The case involved a dispute over cordial and carbonated drinks.
The parties had an agreement that the licensee could produce and distribute the products in Pakistan for a period of five years.
The licensee spent a lot of time and money preparing to launch the product, including recruiting staff, renting premises and upgrading machinery.
The drinks company then increased its prices and said it would only supply single strength cordial. It later wrote to the licensee offering to negotiate a new contract.
The licensee refused and took legal action, saying that the company had gone back on the contract because of pressure from a larger distributer which also imported the products into Pakistan.
The company said that as the licensee refused a new contract it had failed to mitigate its loss. It also accused the licensee of breaching the original terms by delaying the launch.
The court held that the licensee had not acted unreasonably in refusing the offer of a new contract.
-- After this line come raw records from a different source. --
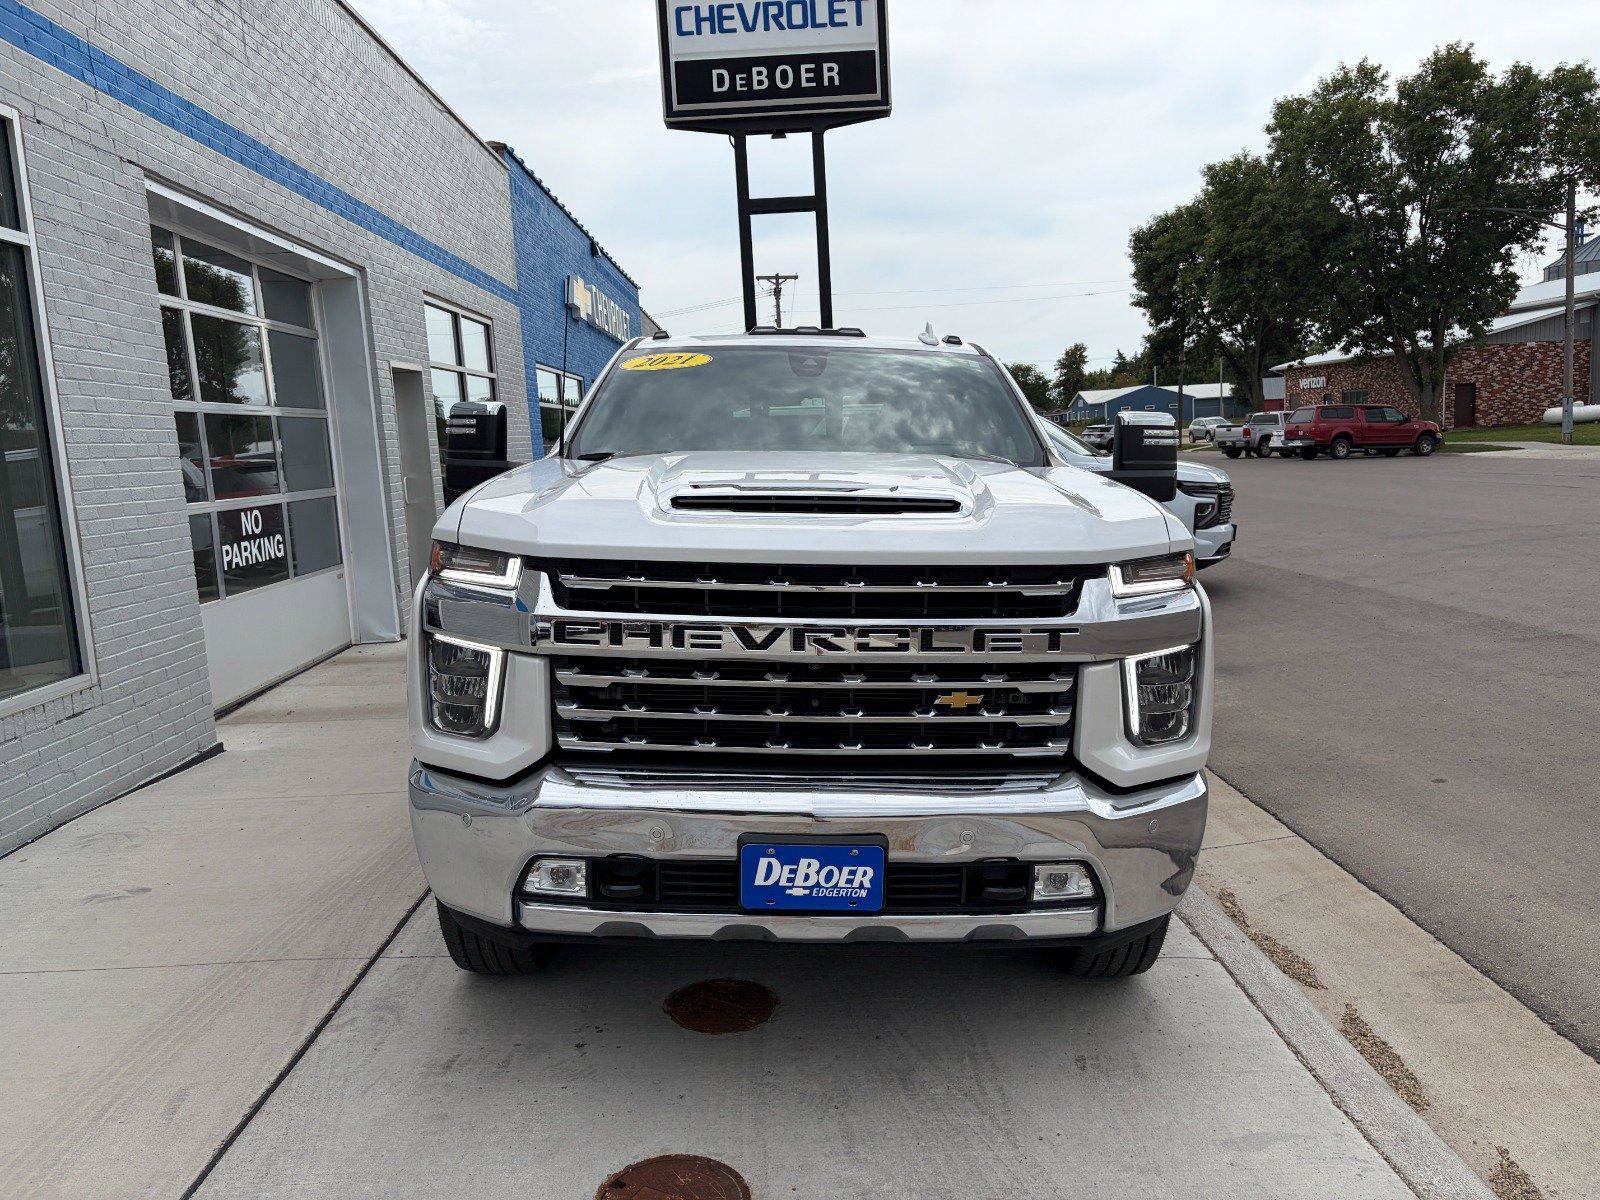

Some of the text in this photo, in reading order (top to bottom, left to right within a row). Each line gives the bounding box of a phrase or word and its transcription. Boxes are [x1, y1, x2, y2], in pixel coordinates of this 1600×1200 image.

[675, 0, 864, 37] CHEVROLET
[633, 354, 699, 367] 2021
[240, 509, 262, 537] NO
[221, 533, 285, 570] PARKING
[552, 619, 1080, 653] CHEVROLET
[812, 887, 868, 898] EDGERTON
The drinks company had waited six months before offering to renegotiate, by which time the licensee had lost all faith that the matter would be dealt with fairly.
It also emerged that the company had actually agreed to the delay of the launch as it would tie in with other products.
As there had been no sales, the loss to the licensee was calculated by the size of the potential market. Evidence suggested that sales would have been very high.
The licensee was therefore awarded damages of 1.36bn Pakistani rupees, which is around £8.1m.